-- Available records --
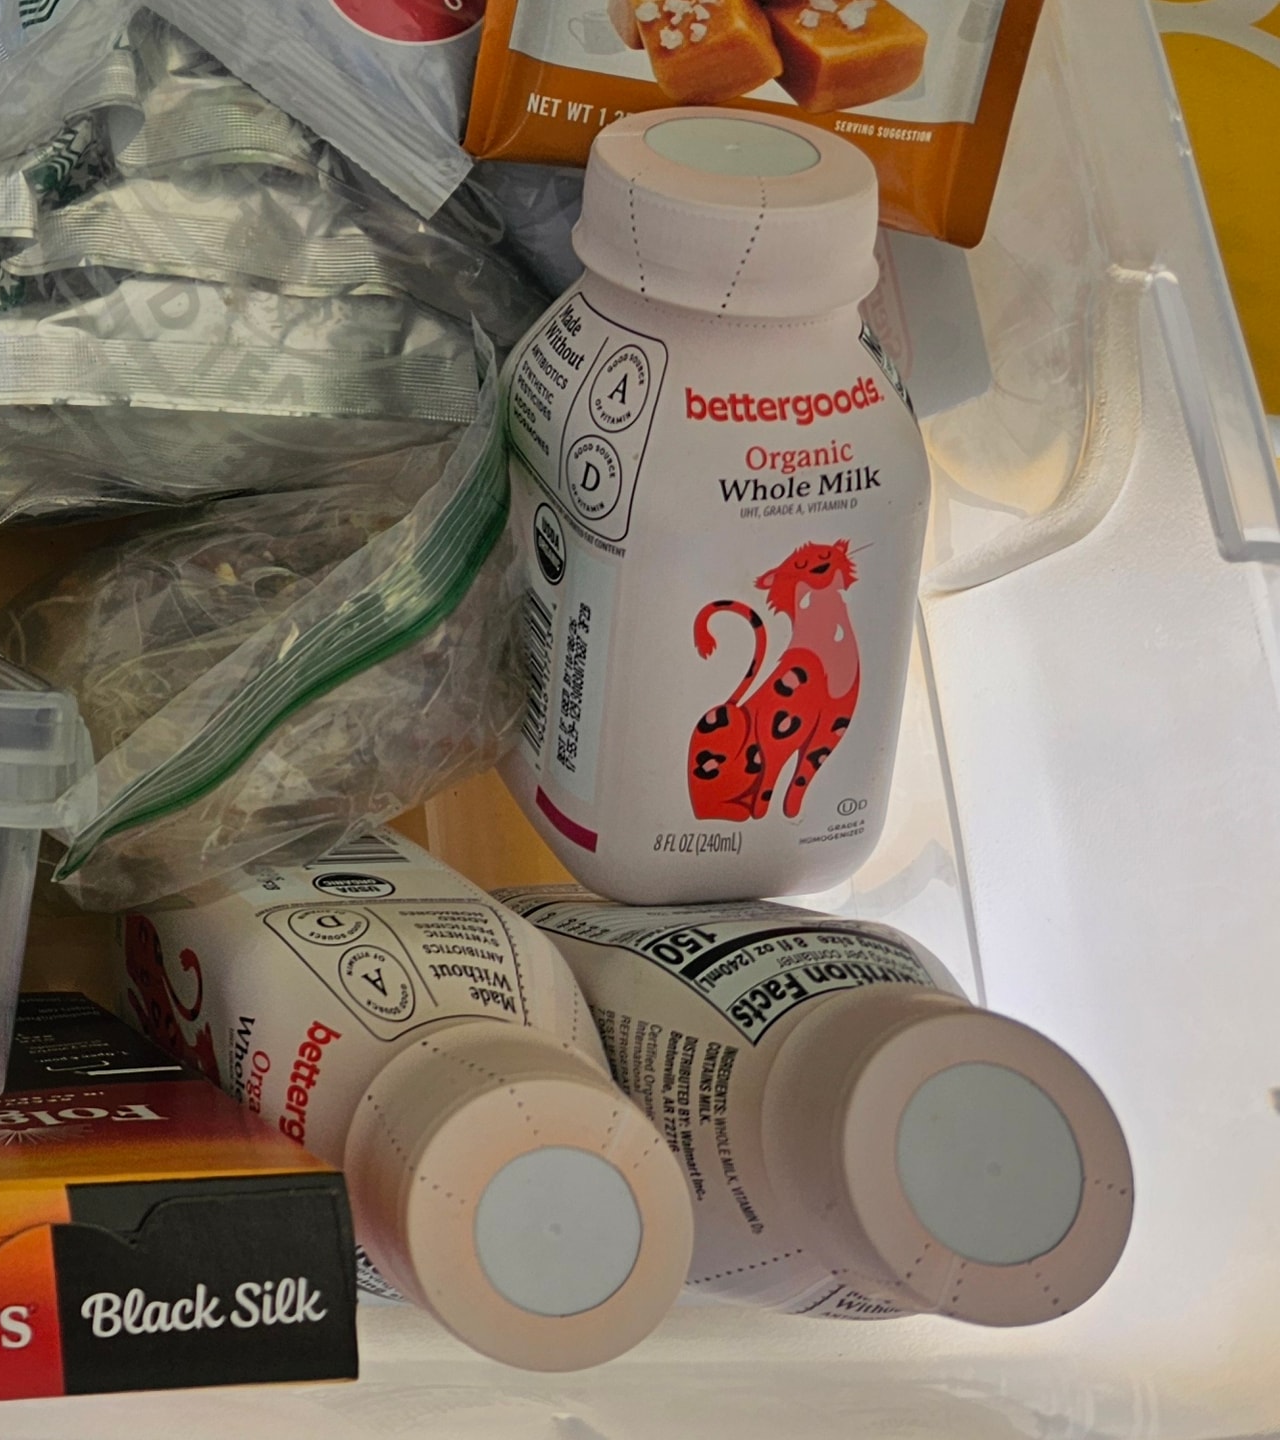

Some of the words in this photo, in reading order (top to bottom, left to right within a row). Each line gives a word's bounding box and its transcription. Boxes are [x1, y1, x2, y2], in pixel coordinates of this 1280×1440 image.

[834, 120, 875, 138] SERVING
[876, 124, 934, 144] SUGGESTION
[558, 303, 582, 338] Made
[543, 320, 586, 372] Without
[684, 375, 882, 427] bettergoods
[744, 438, 855, 475] Organic
[718, 469, 811, 504] Whole
[818, 464, 881, 495] Milk
[650, 927, 721, 966] 150
[361, 967, 389, 998] A
[428, 963, 514, 993] Without
[469, 985, 517, 1015] Made
[80, 1284, 226, 1340] Black
[230, 1275, 330, 1330] Silk

-- Exercise directions --
Please transcribe the entries exactly, omitting the images.

-- Written answer --
Some of the words in this photo, in reading order (top to bottom, left to right within a row). Each line gives a word's bounding box and its transcription. Boxes are [x1, y1, x2, y2], in pixel coordinates of this 1280×1440 image.

[834, 120, 875, 138] SERVING
[876, 124, 934, 144] SUGGESTION
[558, 303, 582, 338] Made
[543, 320, 586, 372] Without
[684, 375, 882, 427] bettergoods
[744, 438, 855, 475] Organic
[718, 469, 811, 504] Whole
[818, 464, 881, 495] Milk
[650, 927, 721, 966] 150
[361, 967, 389, 998] A
[428, 963, 514, 993] Without
[469, 985, 517, 1015] Made
[80, 1284, 226, 1340] Black
[230, 1275, 330, 1330] Silk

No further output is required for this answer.